Photo by Dave Lowe via Unsplash.

From the author: The inevitable arrives. This is chapter eight of a larger work, which deals with a disabled young woman in a rural community and the people she comes to know once she leaves home. This will update fortnightly.


The letter arrived a couple of days later, a Multi-Agency Meeting was being arranged for her to attend in two days. It gave vague comments about concerns of vulnerability or exploitation, and concerned parties with no names. She’d never heard of such a meeting and called her dad, worry tight in her chest.

“Dad, have you had a letter about me?” She chewed her lower lip, wheeling round her living room and fussing with items to neaten them up.

“Yes, just got one the day, says there is to be a selection of people coming to it. Is there something wrong?”

“No, I had Barry round the other day but he was in and out pretty quick. He never said anything about a meeting.”

“Well we’ll just have to go along to it and see what they say. If they’ve not been in touch about it other than this then it can’t be too bad.”

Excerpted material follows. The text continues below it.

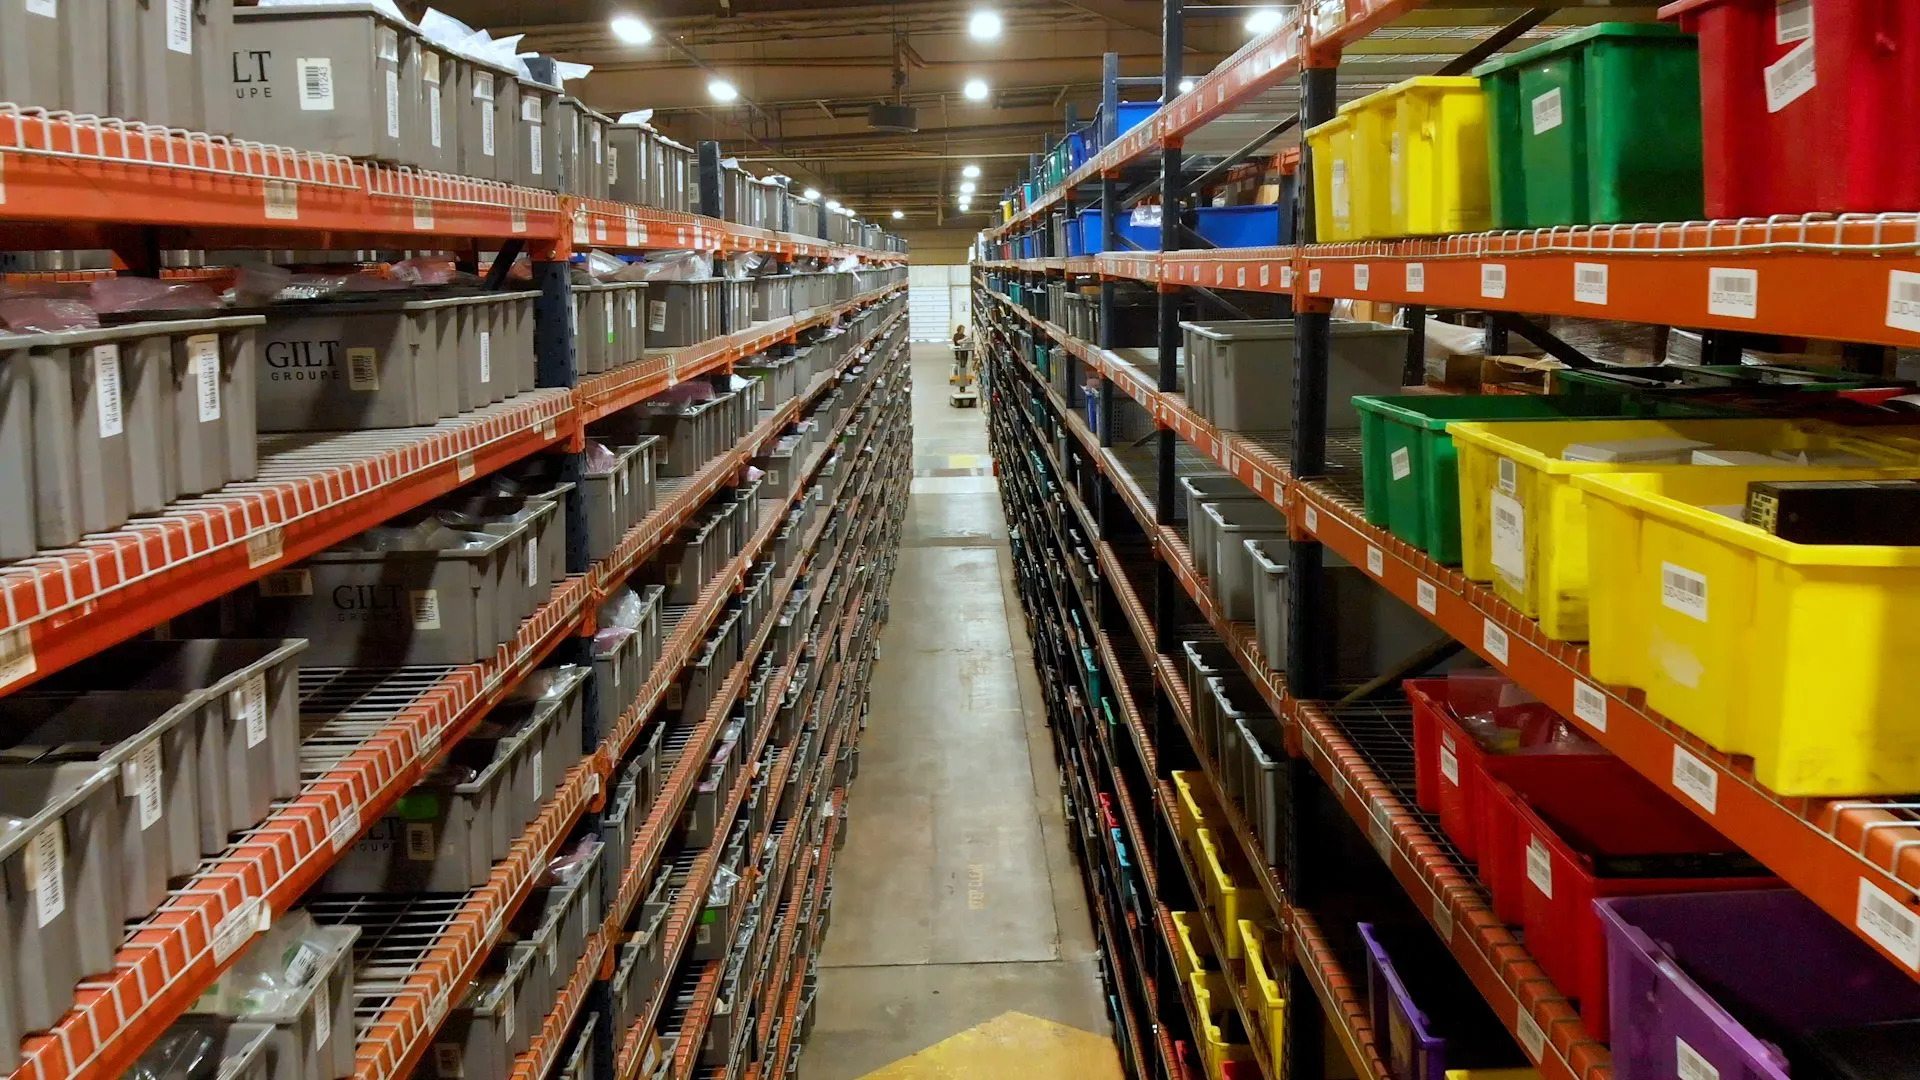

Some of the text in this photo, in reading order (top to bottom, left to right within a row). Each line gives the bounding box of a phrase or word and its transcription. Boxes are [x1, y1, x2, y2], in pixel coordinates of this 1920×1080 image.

[265, 340, 340, 368] GILT
[271, 370, 341, 381] GROUPE
[332, 584, 403, 610] GILT

“They don’t get a bunch of you in a room for good news.”

“Don’t be assuming it’s a negative thing straight away,” he said, but his voice was pulled tighter than she liked and it did nothing to stop her chest from thumping.

“You’re right, sorry Dad. I’m just being fretty.”

“Do you want a lift over to it? I’m not working that day, I can pick you up. We’re going to the same place anyway.”

“That’d be good, thanks Dad.”

 

She spent the next days as normal as she could, going to college and researching for assessments. She wasn’t due back at the gym until the end of the week but she text Hatice, under the excuse of asking for advice on the paper she was doing, and chatted to her a little when Hatice called her to discuss the finer points of long terms muscle structure plans and goals.

“I’m just nervous. Nothing good comes of surprise meetings.”

“Of course you are, I’m mad as hell he was at your property when you were on your own.”

“I don’t need a chaperon,” Alice huffed.

“No, but what if he wished you harm? Or what if he was a bad one, looking to pick on a young woman alone in a house? Some men get strange ideas about what they can do to a woman alone.”

“Hatice, he barely sees me as human, I am definitely not someone he’s attracted to.”

 “You think that because you’re not interested in him, men can be funny creatures my girl. A woman has to be careful about powerful men’s desires.”

“Well I have no desires about him and I doubt he sees me as anything other than a pain in the ass. He left here quick enough.”

“I’m glad of that at least. Do you want me to come with you, as support? I can say how focused you’ve been in your studied and in your muscle work. Show you are serious and studious.”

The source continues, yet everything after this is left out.